[Free-text object descriptions]
**********

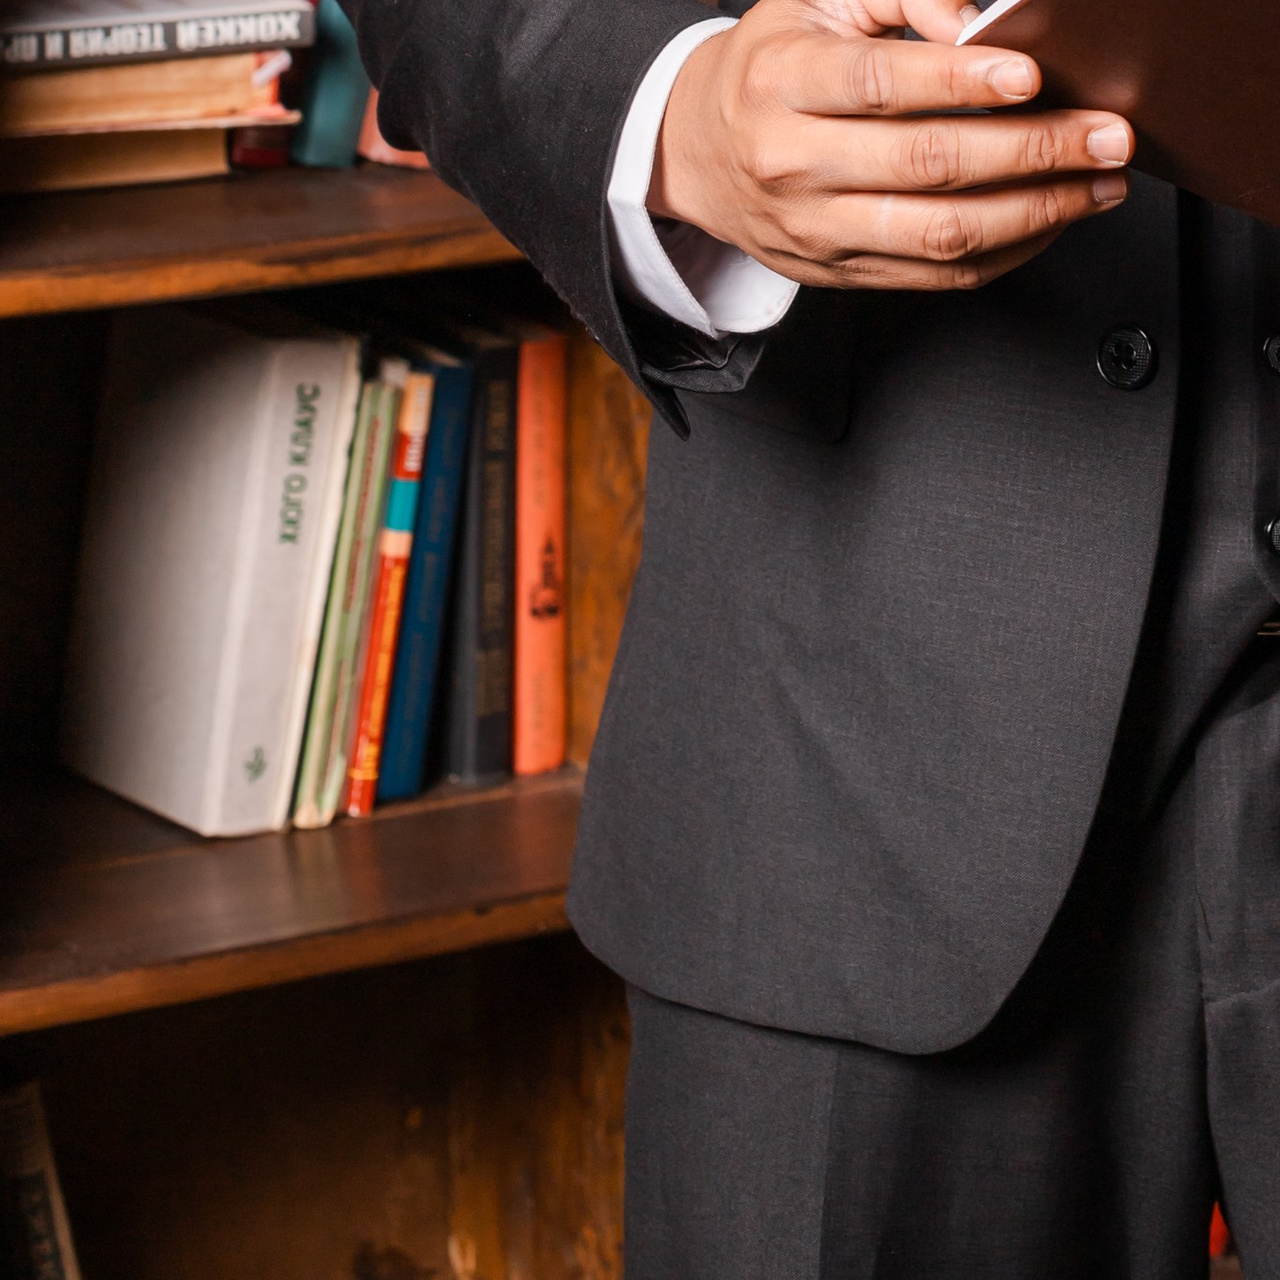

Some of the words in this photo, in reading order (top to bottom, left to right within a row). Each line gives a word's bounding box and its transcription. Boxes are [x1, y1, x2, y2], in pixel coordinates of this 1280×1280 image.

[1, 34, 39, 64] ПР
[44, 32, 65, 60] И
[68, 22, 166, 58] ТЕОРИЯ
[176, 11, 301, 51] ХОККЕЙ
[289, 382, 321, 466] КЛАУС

**********

WHAT TO PRODUCE
Each entry is to be returned precisely as it appears, but the pictures are to be dropped.

RESULT BELOW
Some of the words in this photo, in reading order (top to bottom, left to right within a row). Each line gives a word's bounding box and its transcription. Boxes are [x1, y1, x2, y2], in pixel coordinates of this 1280×1280 image.

[1, 34, 39, 64] ПР
[44, 32, 65, 60] И
[68, 22, 166, 58] ТЕОРИЯ
[176, 11, 301, 51] ХОККЕЙ
[289, 382, 321, 466] КЛАУС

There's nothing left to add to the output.